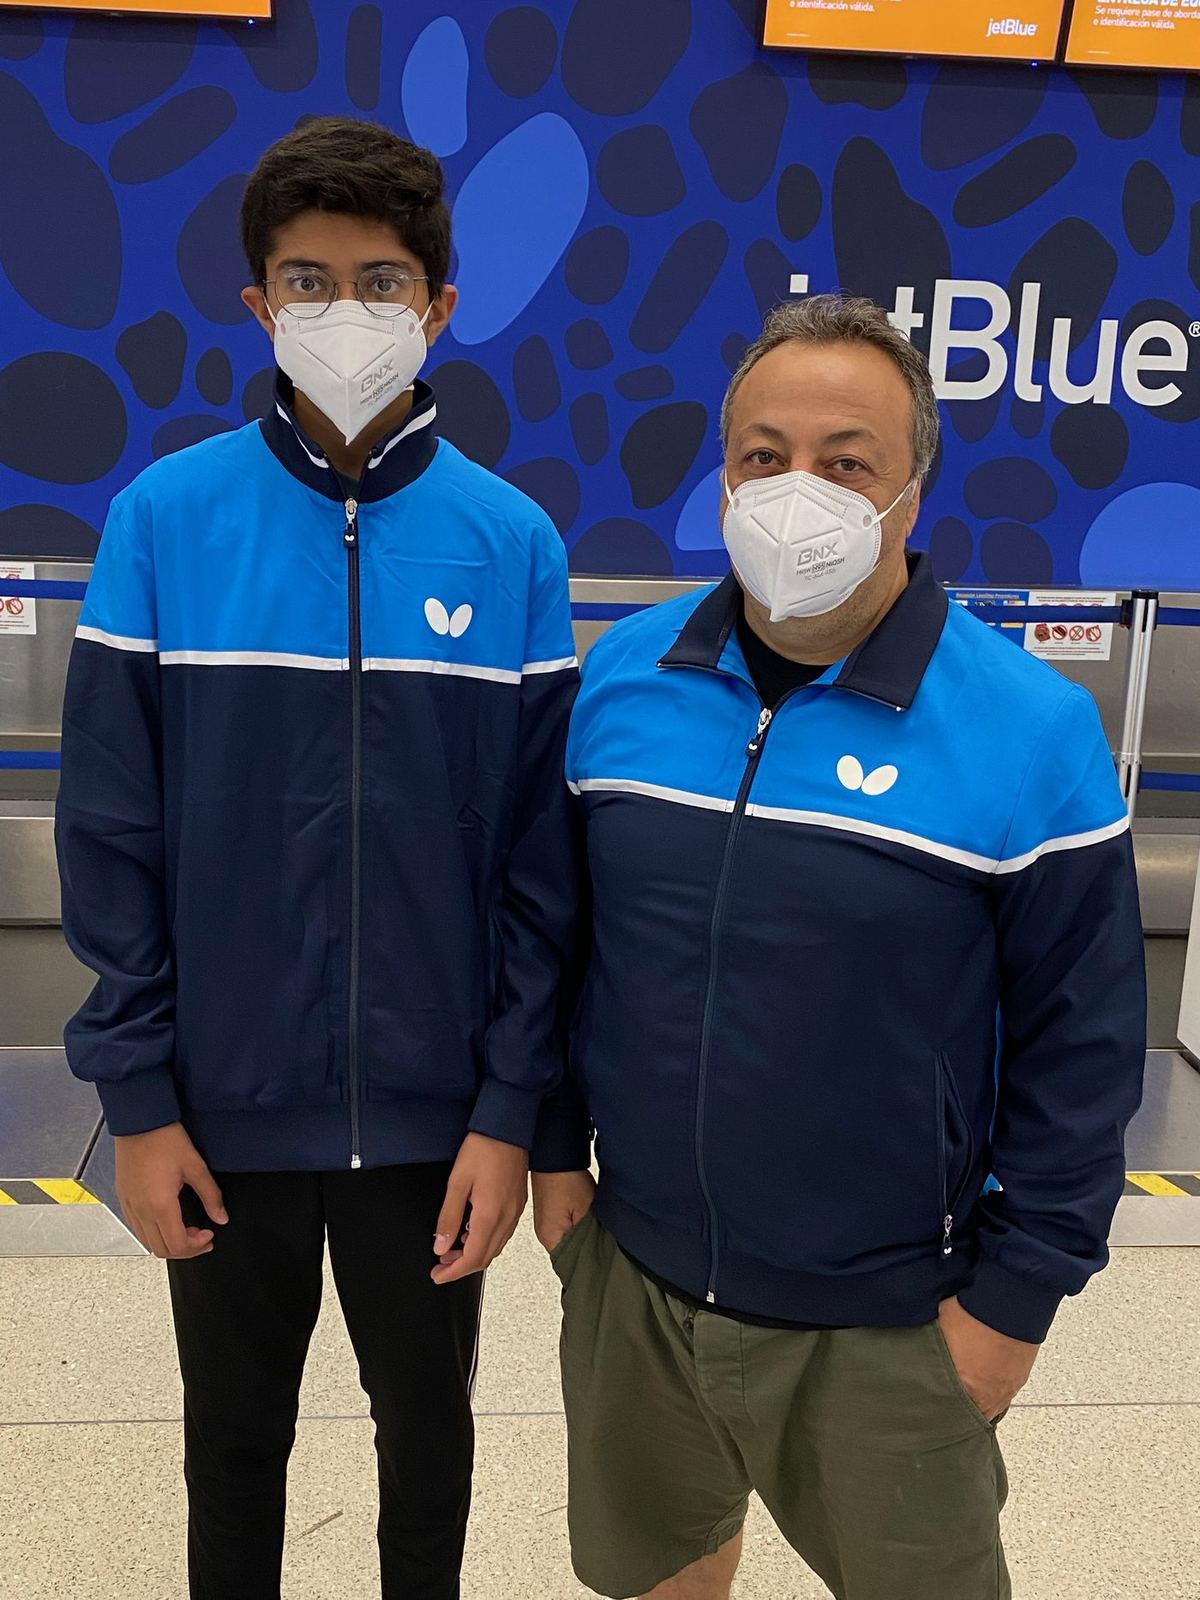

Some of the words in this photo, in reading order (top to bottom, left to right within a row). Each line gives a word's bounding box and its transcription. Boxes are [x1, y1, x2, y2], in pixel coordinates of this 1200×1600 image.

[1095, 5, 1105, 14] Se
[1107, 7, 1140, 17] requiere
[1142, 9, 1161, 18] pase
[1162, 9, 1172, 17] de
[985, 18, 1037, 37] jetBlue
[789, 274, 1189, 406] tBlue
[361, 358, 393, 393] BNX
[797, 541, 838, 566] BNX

● ● ● ● ●

Repeat each record exactly as shown above, dropping all images.

Some of the words in this photo, in reading order (top to bottom, left to right within a row). Each line gives a word's bounding box and its transcription. Boxes are [x1, y1, x2, y2], in pixel coordinates of this 1200×1600 image.

[1095, 5, 1105, 14] Se
[1107, 7, 1140, 17] requiere
[1142, 9, 1161, 18] pase
[1162, 9, 1172, 17] de
[985, 18, 1037, 37] jetBlue
[789, 274, 1189, 406] tBlue
[361, 358, 393, 393] BNX
[797, 541, 838, 566] BNX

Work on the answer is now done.